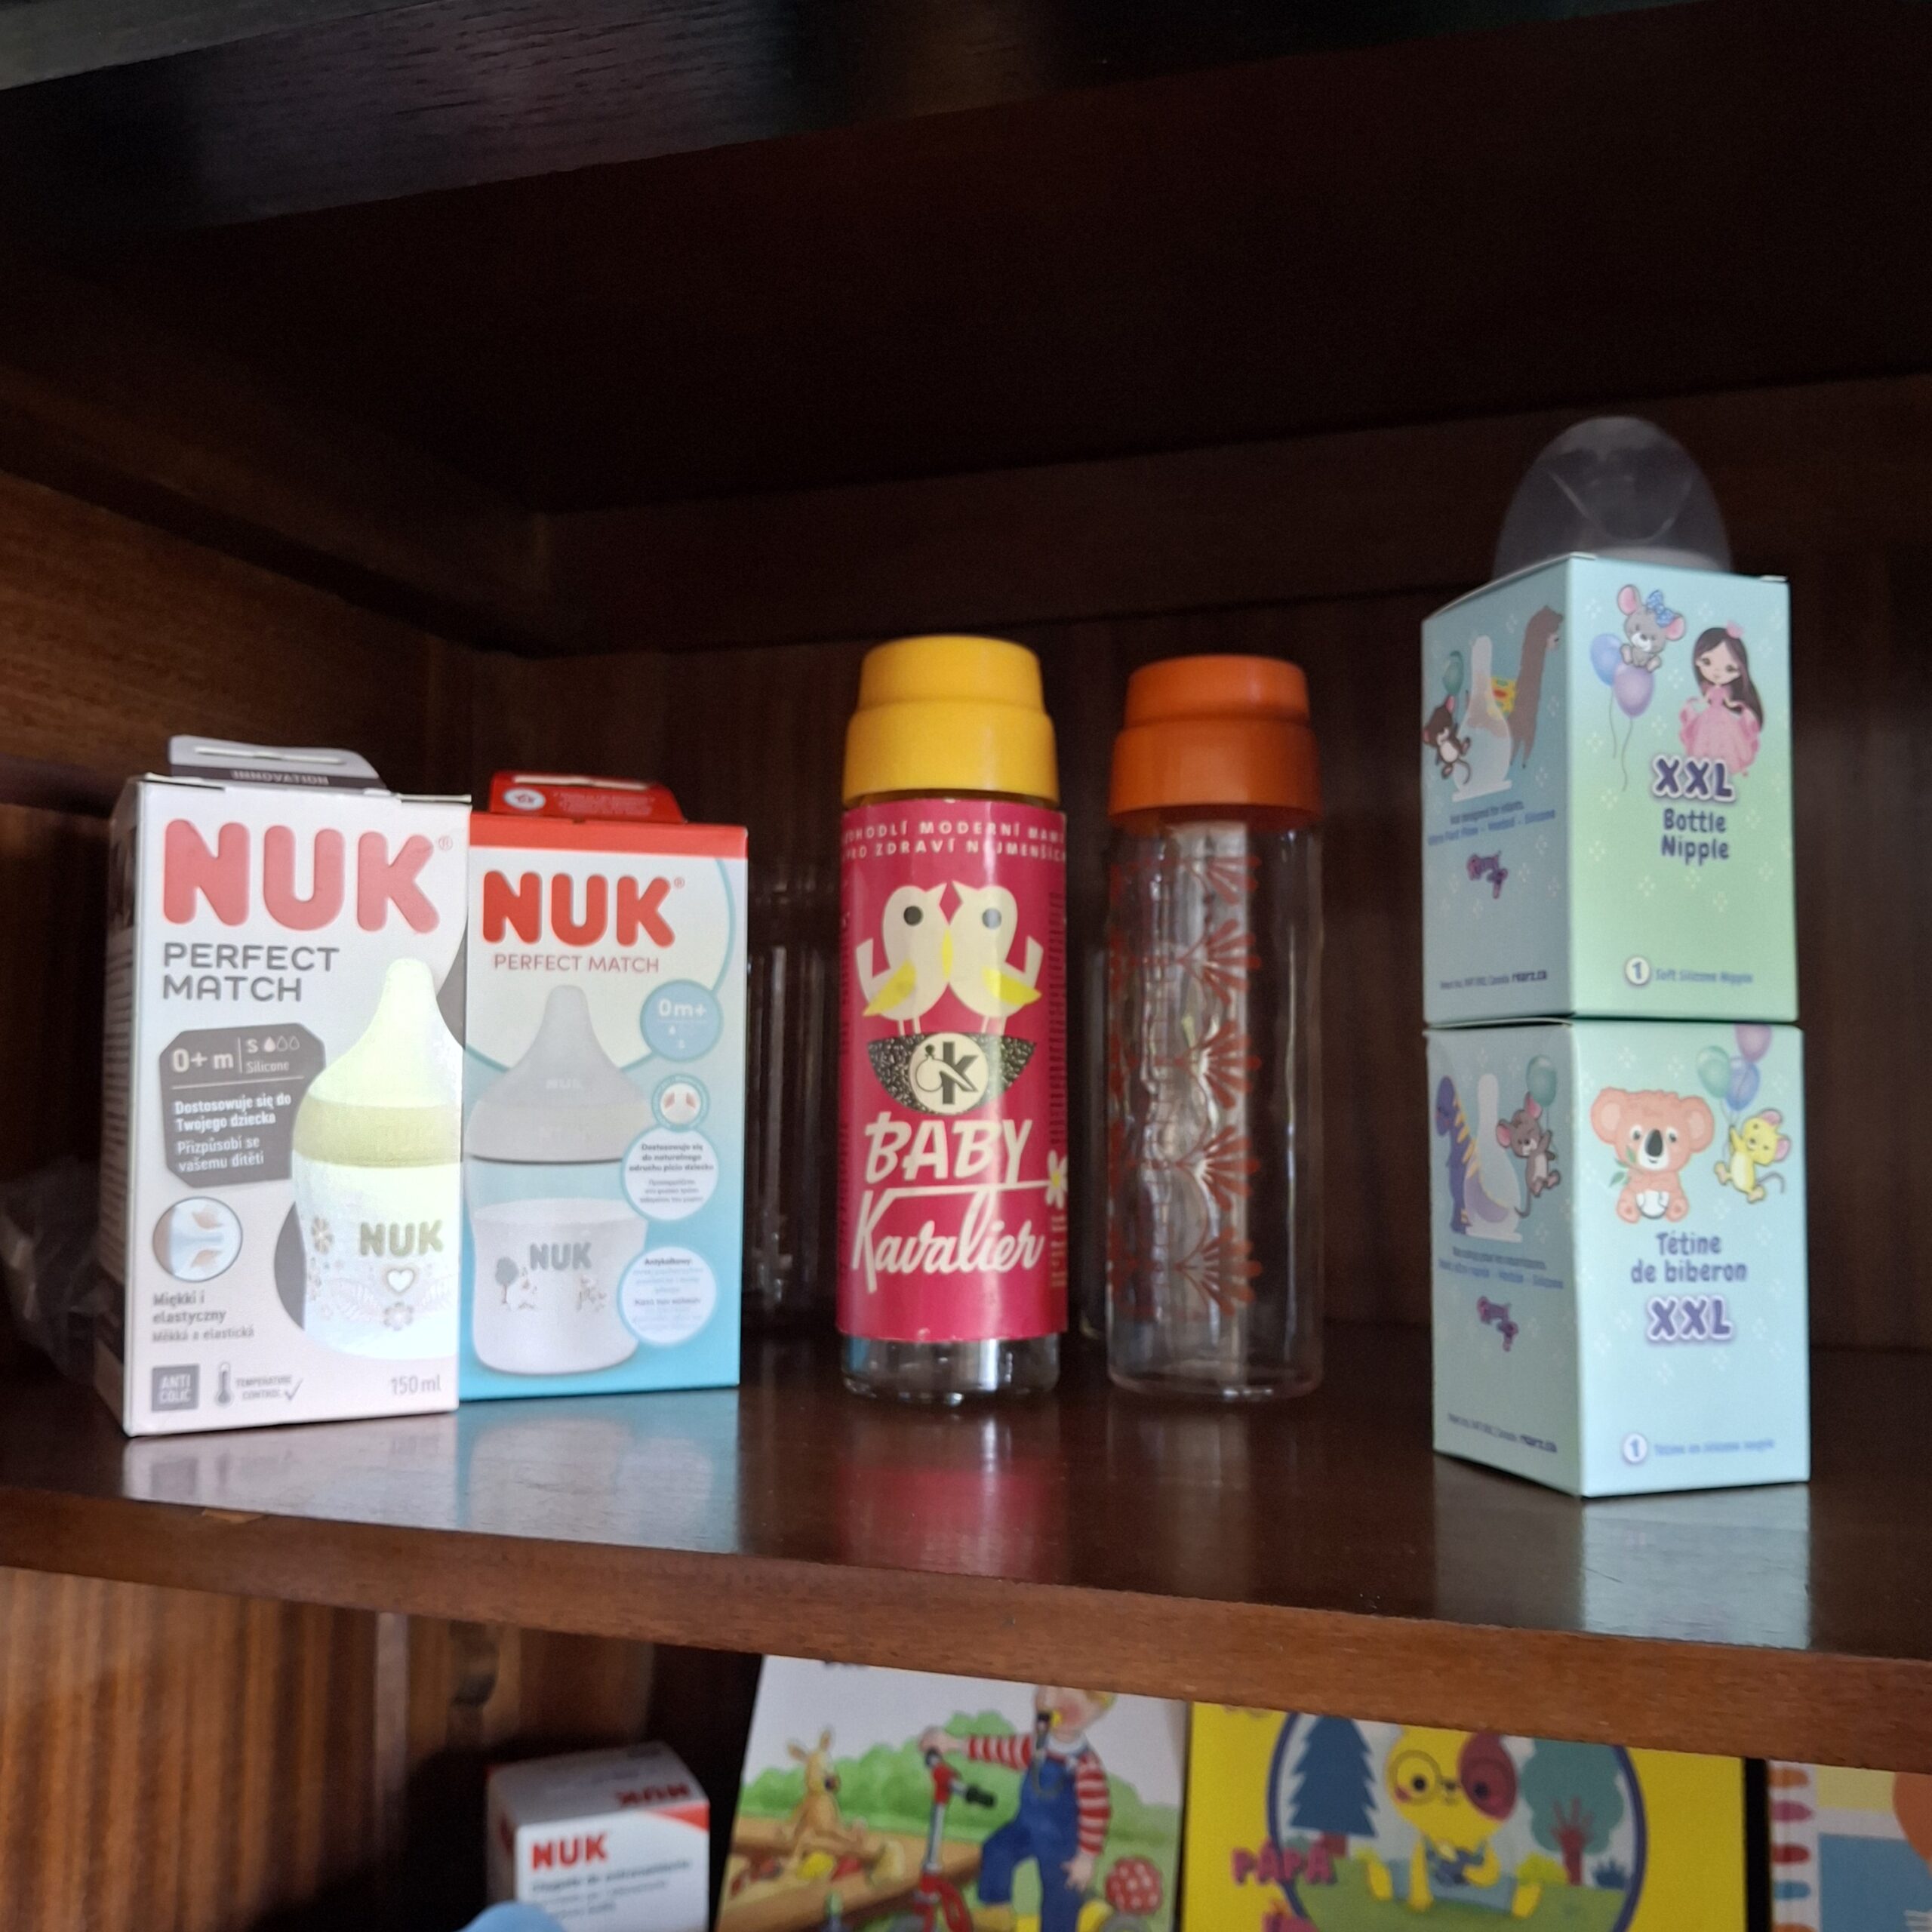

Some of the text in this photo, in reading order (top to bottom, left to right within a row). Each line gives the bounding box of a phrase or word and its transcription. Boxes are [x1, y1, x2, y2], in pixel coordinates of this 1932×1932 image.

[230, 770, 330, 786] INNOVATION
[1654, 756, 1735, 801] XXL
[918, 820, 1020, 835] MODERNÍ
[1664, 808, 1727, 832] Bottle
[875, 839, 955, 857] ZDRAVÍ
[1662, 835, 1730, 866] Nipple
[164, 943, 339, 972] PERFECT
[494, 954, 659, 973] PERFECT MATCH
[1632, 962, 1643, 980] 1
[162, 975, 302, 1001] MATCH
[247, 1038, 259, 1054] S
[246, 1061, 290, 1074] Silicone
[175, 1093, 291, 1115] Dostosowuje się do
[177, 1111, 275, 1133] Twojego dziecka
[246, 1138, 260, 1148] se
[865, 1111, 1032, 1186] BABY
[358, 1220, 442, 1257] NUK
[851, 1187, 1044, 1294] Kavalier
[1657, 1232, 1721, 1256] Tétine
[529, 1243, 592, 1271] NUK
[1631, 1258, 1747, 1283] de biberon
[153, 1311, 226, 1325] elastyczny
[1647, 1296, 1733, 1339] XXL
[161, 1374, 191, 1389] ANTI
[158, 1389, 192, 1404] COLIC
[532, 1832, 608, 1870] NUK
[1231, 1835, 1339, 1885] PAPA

EXERCISE DESCRIPTION: Make a word-for-word repeat of the material, skipping all pictures.

OUTPUT OF THE TASK:
Some of the text in this photo, in reading order (top to bottom, left to right within a row). Each line gives the bounding box of a phrase or word and its transcription. Boxes are [x1, y1, x2, y2], in pixel coordinates of this 1932×1932 image.

[230, 770, 330, 786] INNOVATION
[1654, 756, 1735, 801] XXL
[918, 820, 1020, 835] MODERNÍ
[1664, 808, 1727, 832] Bottle
[875, 839, 955, 857] ZDRAVÍ
[1662, 835, 1730, 866] Nipple
[164, 943, 339, 972] PERFECT
[494, 954, 659, 973] PERFECT MATCH
[1632, 962, 1643, 980] 1
[162, 975, 302, 1001] MATCH
[247, 1038, 259, 1054] S
[246, 1061, 290, 1074] Silicone
[175, 1093, 291, 1115] Dostosowuje się do
[177, 1111, 275, 1133] Twojego dziecka
[246, 1138, 260, 1148] se
[865, 1111, 1032, 1186] BABY
[358, 1220, 442, 1257] NUK
[851, 1187, 1044, 1294] Kavalier
[1657, 1232, 1721, 1256] Tétine
[529, 1243, 592, 1271] NUK
[1631, 1258, 1747, 1283] de biberon
[153, 1311, 226, 1325] elastyczny
[1647, 1296, 1733, 1339] XXL
[161, 1374, 191, 1389] ANTI
[158, 1389, 192, 1404] COLIC
[532, 1832, 608, 1870] NUK
[1231, 1835, 1339, 1885] PAPA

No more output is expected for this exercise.